### [Work to complete]
Pictures must be dropped from the copy of the entries below; all else is returned exactly.

(Collected data)
########################################
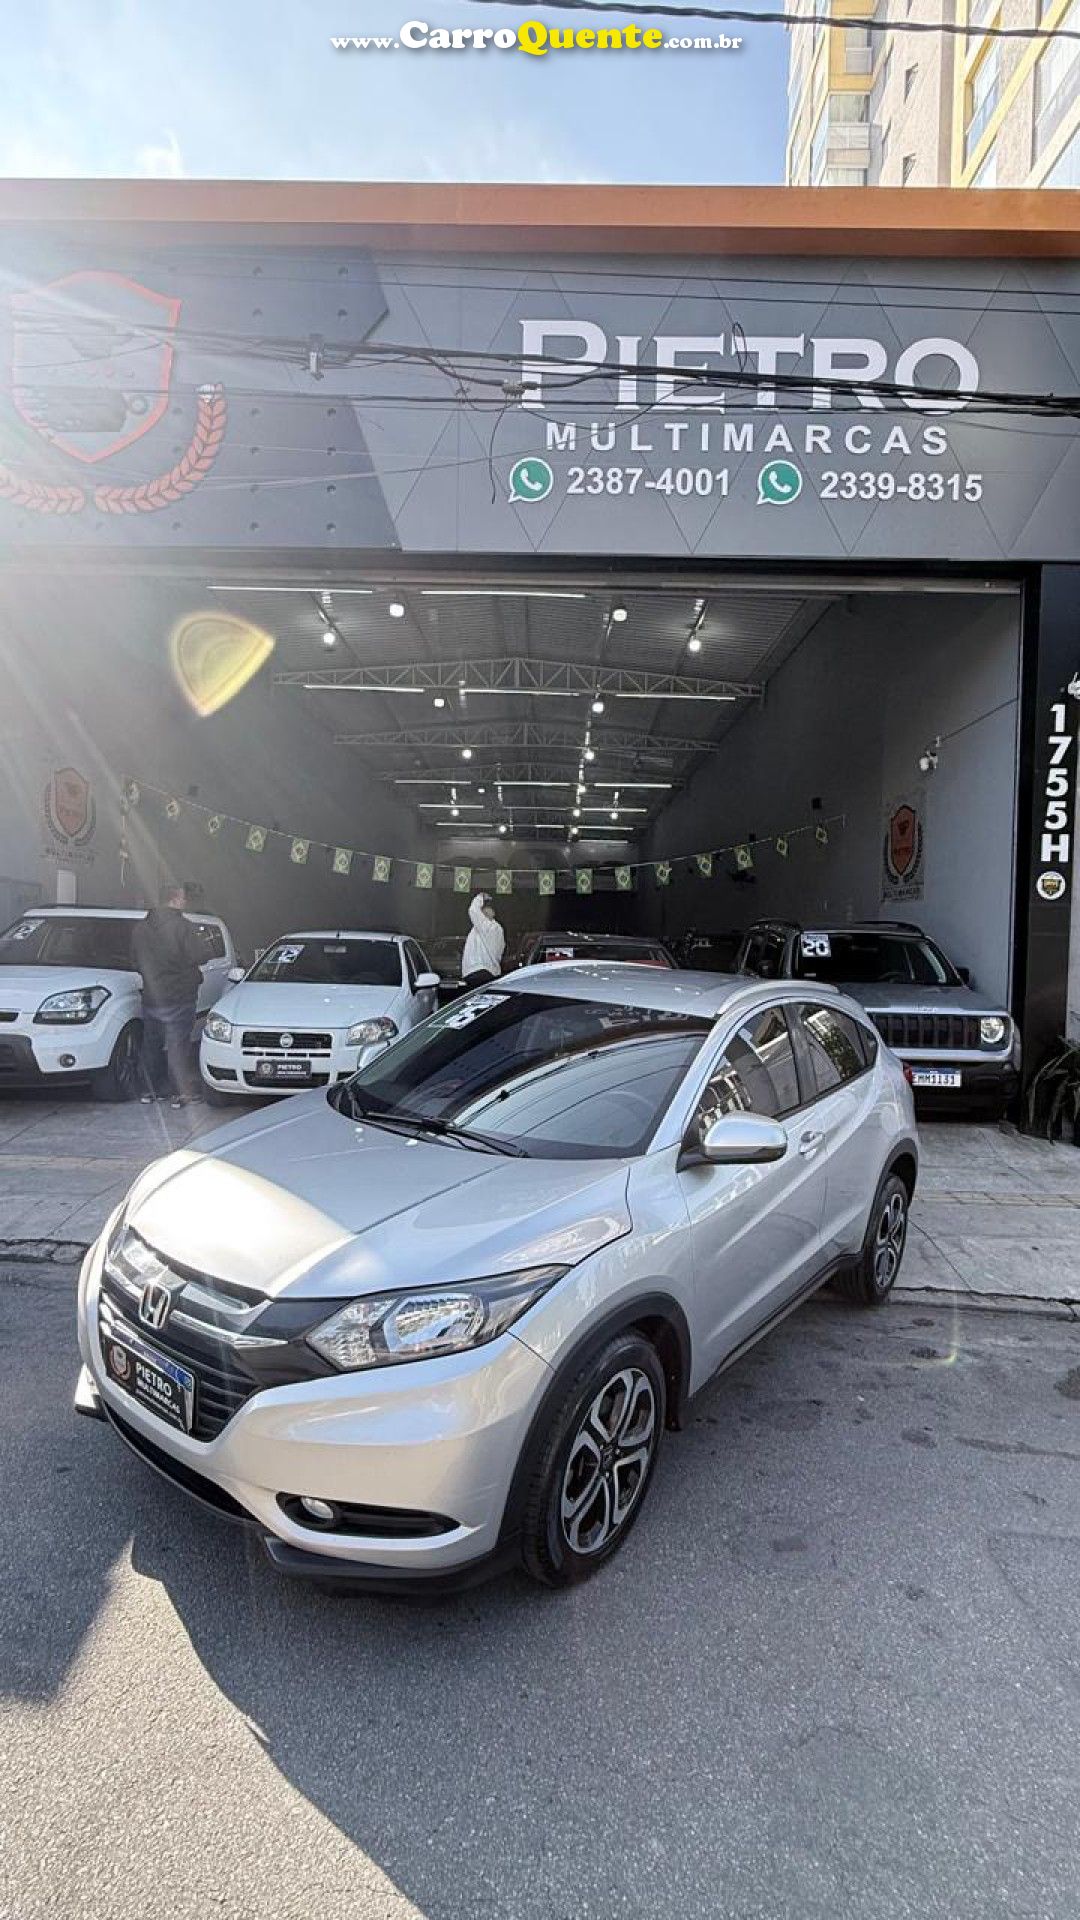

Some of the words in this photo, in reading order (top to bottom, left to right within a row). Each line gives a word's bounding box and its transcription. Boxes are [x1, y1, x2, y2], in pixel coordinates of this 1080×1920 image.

[518, 319, 980, 415] PIETRO
[546, 422, 948, 455] MULTIMARCAS
[566, 467, 730, 497] 2387-4001
[820, 471, 983, 502] 2339-8315
[1040, 704, 1073, 862] 1755H
[803, 940, 829, 956] 20
[135, 1361, 172, 1397] PIETRO
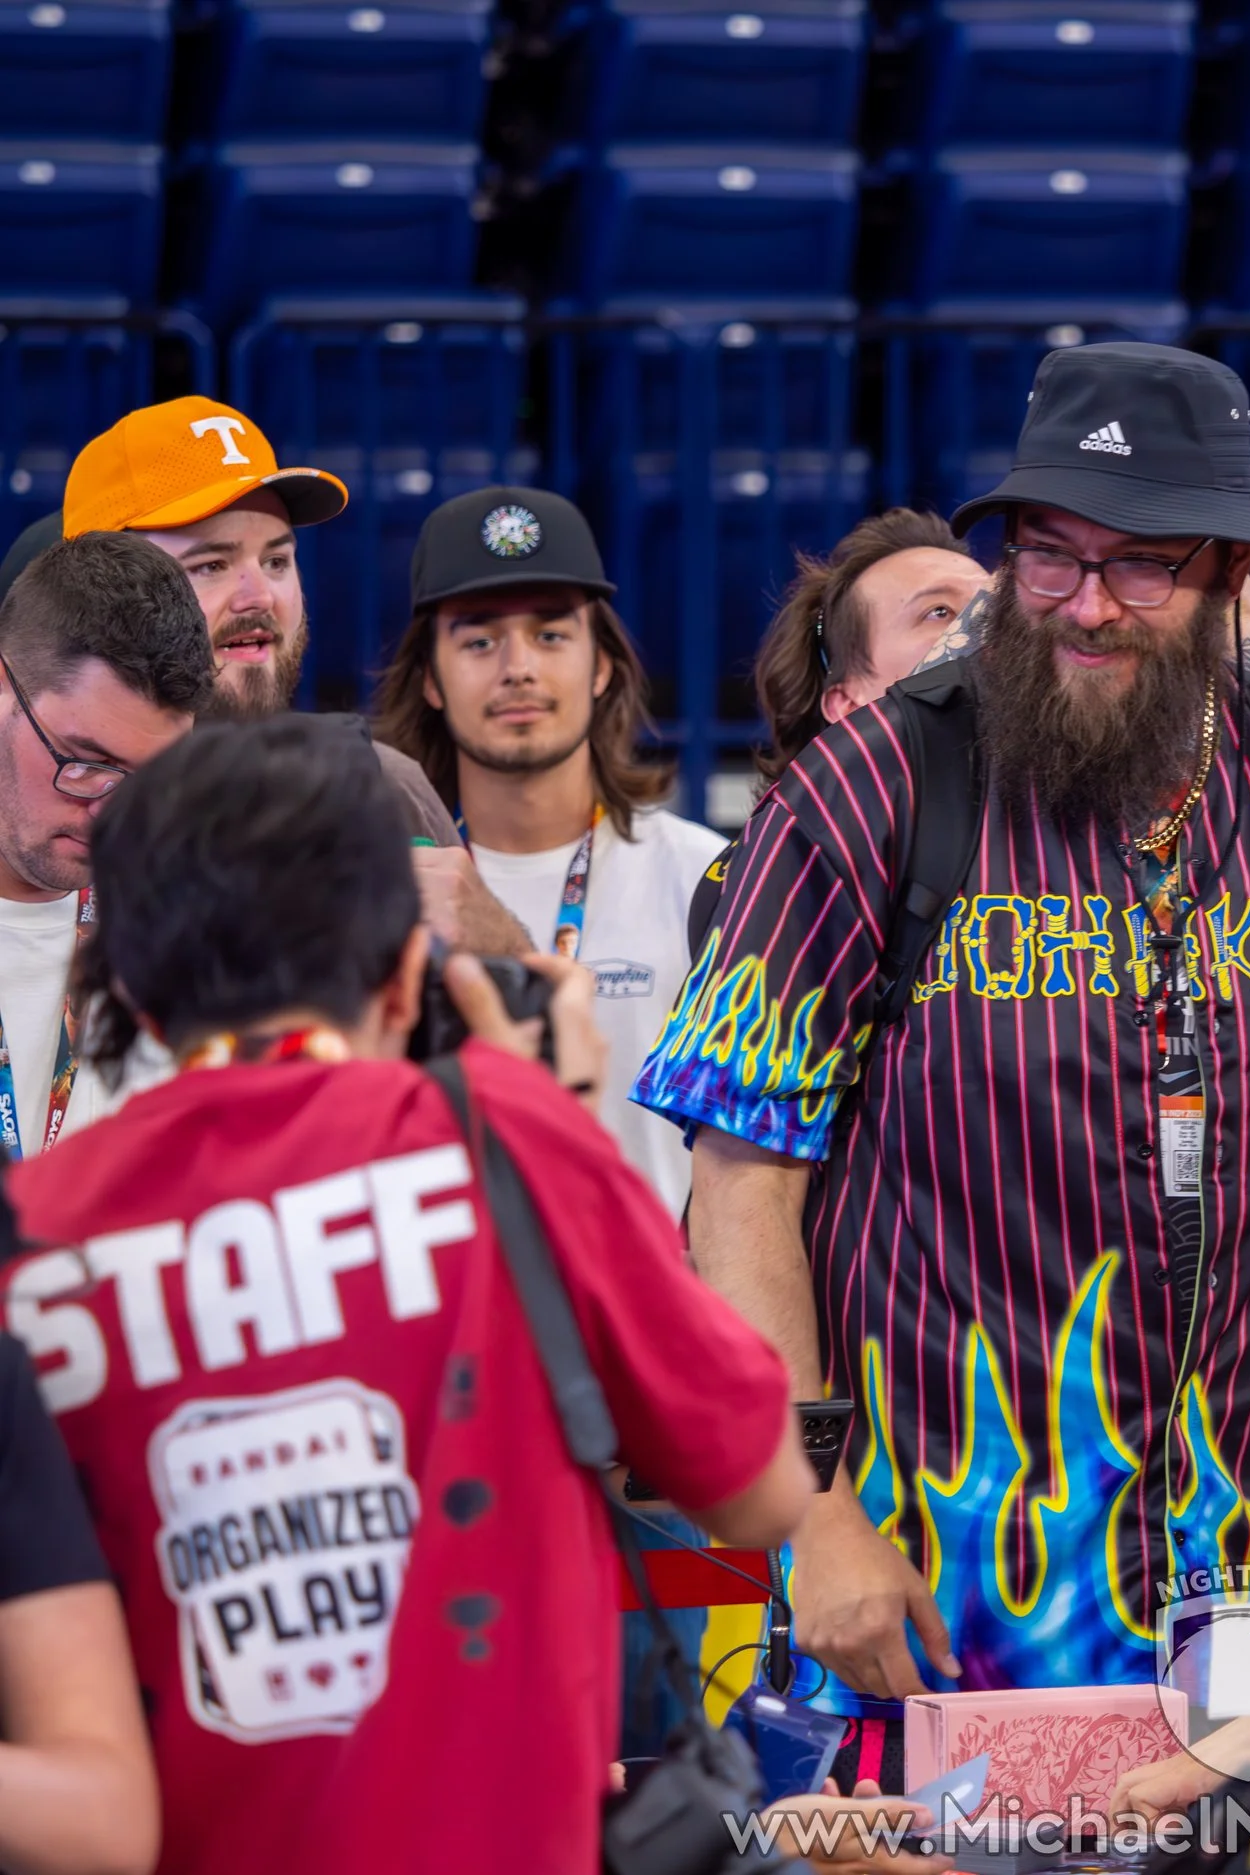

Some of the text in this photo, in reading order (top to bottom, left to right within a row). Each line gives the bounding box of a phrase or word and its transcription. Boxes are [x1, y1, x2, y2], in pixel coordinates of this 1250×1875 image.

[190, 416, 250, 465] T
[1079, 439, 1132, 455] adidas
[6, 1143, 477, 1414] STAFF
[169, 1485, 414, 1592] ORGANIZED
[213, 1559, 387, 1657] PLAY
########################################
### [Problem solution]
Some of the words in this photo, in reading order (top to bottom, left to right within a row). Each line gives a word's bounding box and its transcription. Boxes are [x1, y1, x2, y2], in pixel coordinates of this 1080×1920 image.

[518, 319, 980, 415] PIETRO
[546, 422, 948, 455] MULTIMARCAS
[566, 467, 730, 497] 2387-4001
[820, 471, 983, 502] 2339-8315
[1040, 704, 1073, 862] 1755H
[803, 940, 829, 956] 20
[135, 1361, 172, 1397] PIETRO

Some of the text in this photo, in reading order (top to bottom, left to right within a row). Each line gives the bounding box of a phrase or word and its transcription. Boxes are [x1, y1, x2, y2], in pixel coordinates of this 1250×1875 image.

[190, 416, 250, 465] T
[1079, 439, 1132, 455] adidas
[6, 1143, 477, 1414] STAFF
[169, 1485, 414, 1592] ORGANIZED
[213, 1559, 387, 1657] PLAY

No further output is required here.